Es cierto que Menni impulsó
la creación de los primeros manicomios en el País Vasco y con una metodología
moderna, más humanitaria, pero lo que quizás no es tan conocido es que fue
acusada por la madre de una paciente de abusos sexuales, practicarle abortos… y
que invirtió una gran cantidad de dinero en lavar su imagen y en el juicio, del
que finalmente salió absuelto, todo eso no lo digo yo o me lo invento en la
novela, está en la prensa de la época, en la que lo atacaban de una manera muy
virulenta, llamándolo truchimán o violador.
¿A qué se refiere el título de la novela?
El título hace alusión a los
trenes especiales en los que los pacientes de Santa Águeda fueron trasladados
desde manicomios como los de Zaragoza o Valladolid, a donde se enviaba a los
enfermos mentales vascos (cuando no se los escondía en ganbaras o cuadras),
pues por aquí no había establecimientos psiquiátricos, hasta que Menni los
impulsó. Hay algunas anécdota real y divertida, que yo adapto en la novela, como aquella en la que uno de esos trenes
llega a al manicomio de Iruña (que se llamó, por cierto, hospital psiquiátrico
vasco-navarro), en la que el director pregunta a una de los locos si es
epiléptico y él responde que no, que de Cascante.

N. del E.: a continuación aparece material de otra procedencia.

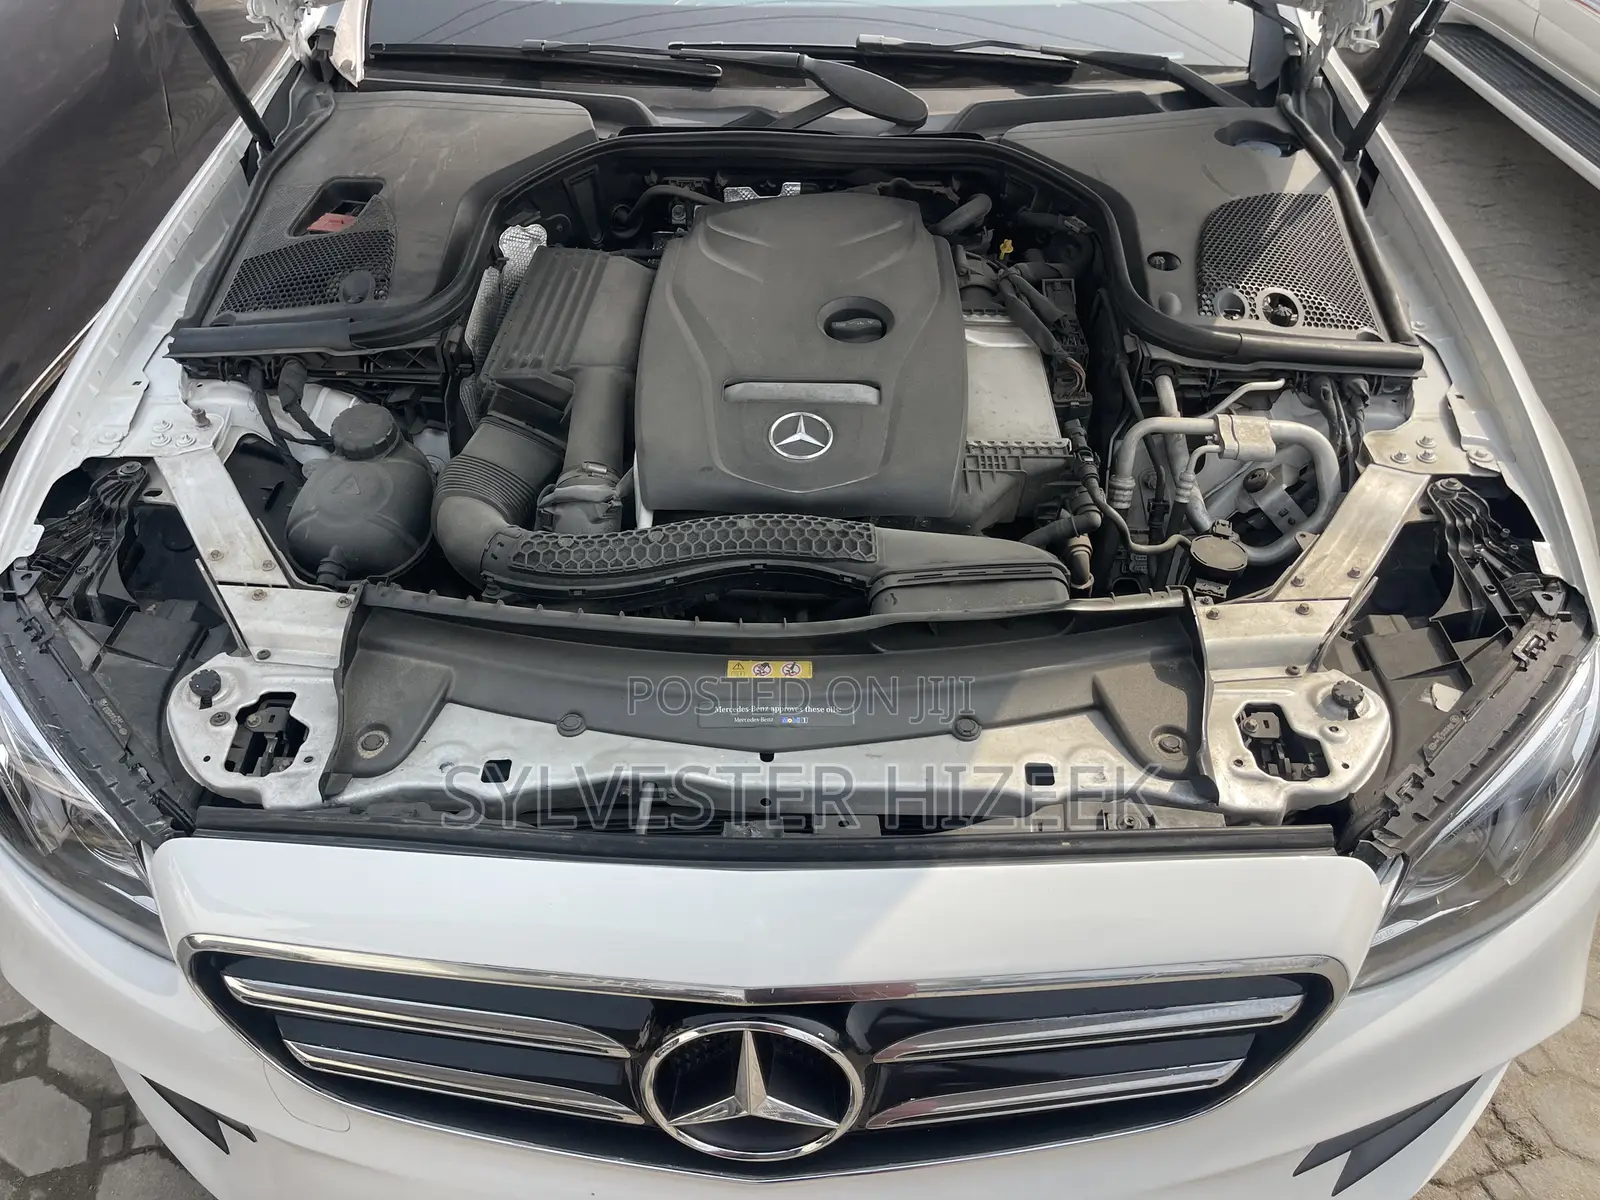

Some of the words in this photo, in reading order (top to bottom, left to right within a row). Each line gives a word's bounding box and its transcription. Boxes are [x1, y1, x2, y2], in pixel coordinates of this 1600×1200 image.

El libro se presenta como una novela histórica pero con incursiones en
el género negro y el erótico, ¿le pega usted a todo?
Bueno, al final son
etiquetas que las editoriales usan para clasificar los libros y saber dónde colocarlos,
yo en realidad no pienso en eso cuando escribo las novelas, no me digo “Voy a
escribir una novela de género”, o no al menos en cuanto a seguir sus patrones,
hombre, está claro que es una novela histórica por la época en que se ubica, y
que puede ser una novela negra porque hay una historia de persecución y
venganza, una intriga (aunque ¿en qué novela no la hay?), en cuanto al erotismo
en realidad mi idea inicial es que estuviera más presente, que rozara incluso
la pornografía (algo que ya había hecho en otras novelas, en realidad, como ¡Oh, Janis, mi dulce y sucia Janis!),
porque lo pedía el escenario, el balneario, con sus historias de frivolidad y
coqueteo, la propia época, con los albores de la pornografía o en la que se
publican obras como Las once mil vergas,
de Apollinaire o La virgen de la pieles
de Masoch, pero después la cosa se quedó en algunos episodios que, eso sí, yo
diría que se acercan a lo que hoy se llama sexo bizarro, o relacionado con
perversiones y anomalías sexuales (por ejemplo, hay un personaje con dos
penes).
Para acabar, como diría La Polla Records, ¿y ahora qué?, ¿qué será lo
siguiente, volverá con la serie del rock radikal vasco, escribirá más novelas
históricas?
No lo sé, siempre que acabo una novela histórica me digo que me voy a quitar, porque es un género muy exigente, pero después empiezan a rondarme ideas, yo las intento apartar de mi cabeza, pero vuelven… Ahora estoy más centrado con las novelas de Los Tampones, las del rock radikal vasco, de ellas habrá nuevas entregas, o libros relacionados con ellas, pero más adelante, quién sabe… Si todavía queda papel, claro.